_PROBLEM STATEMENT_
Would you copy the entries that follow exactly, leaving out every picture?

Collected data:
--- START ---

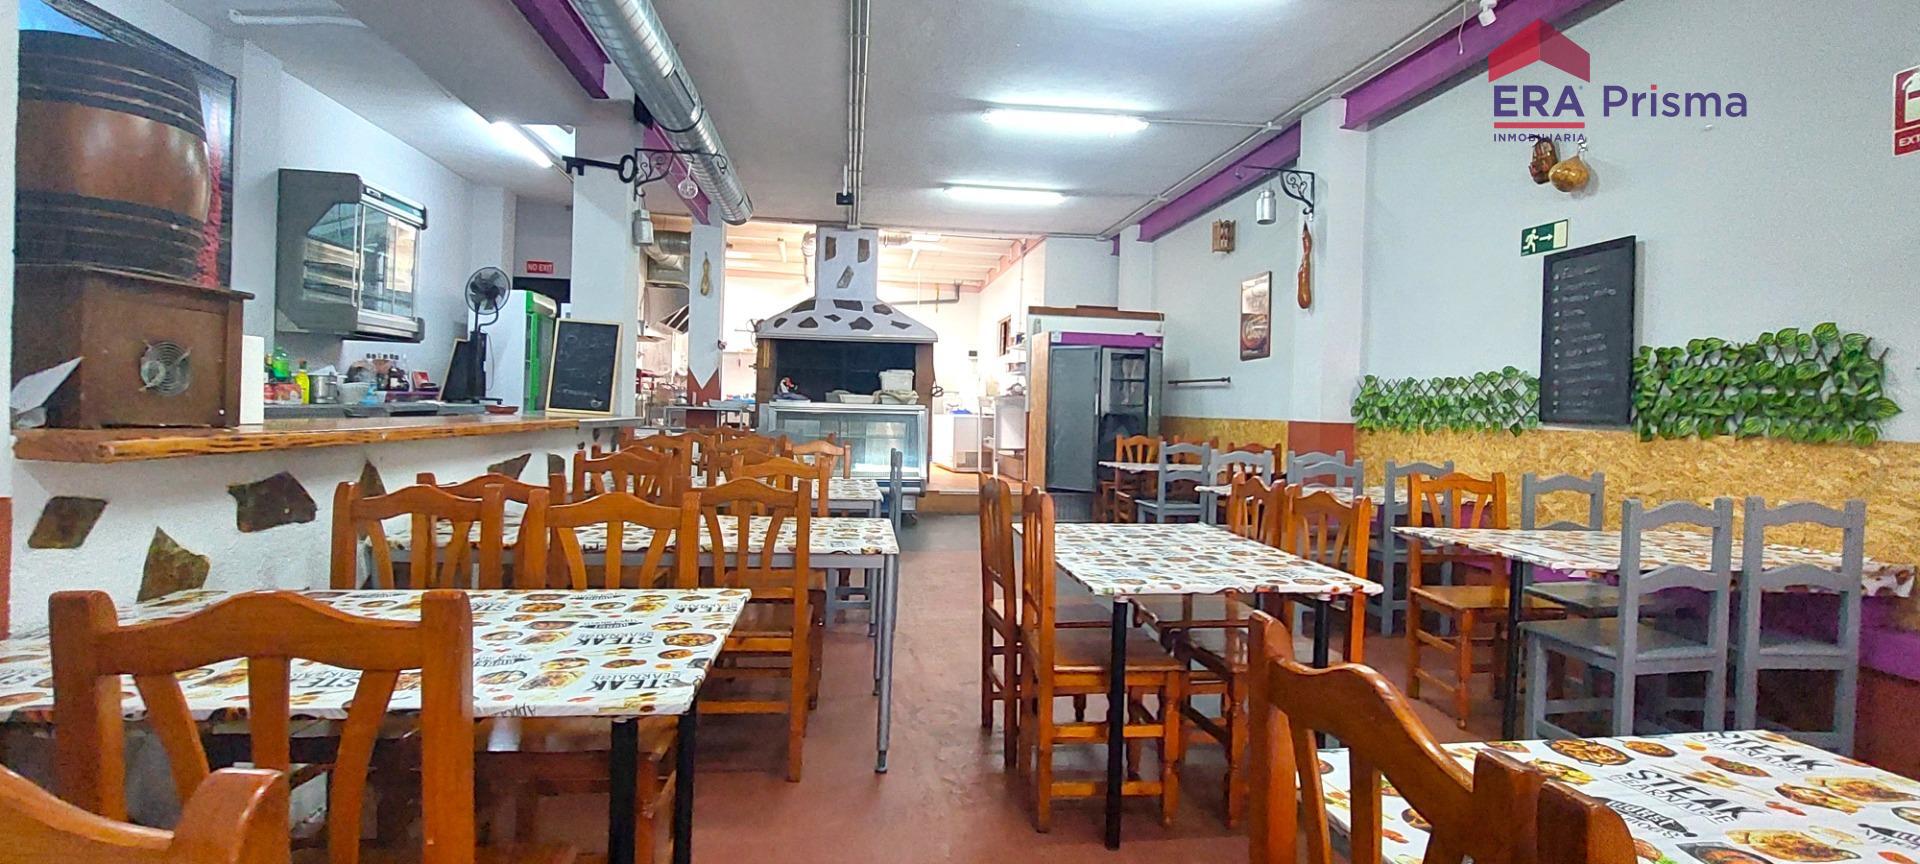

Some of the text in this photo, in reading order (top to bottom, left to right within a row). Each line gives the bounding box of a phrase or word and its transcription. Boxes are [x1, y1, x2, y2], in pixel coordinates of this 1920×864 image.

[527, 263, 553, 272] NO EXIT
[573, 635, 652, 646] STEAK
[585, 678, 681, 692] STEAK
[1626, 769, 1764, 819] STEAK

--- END ---

_YOUR SOLUTION_
Some of the text in this photo, in reading order (top to bottom, left to right within a row). Each line gives the bounding box of a phrase or word and its transcription. Boxes are [x1, y1, x2, y2], in pixel coordinates of this 1920×864 image.

[527, 263, 553, 272] NO EXIT
[573, 635, 652, 646] STEAK
[585, 678, 681, 692] STEAK
[1626, 769, 1764, 819] STEAK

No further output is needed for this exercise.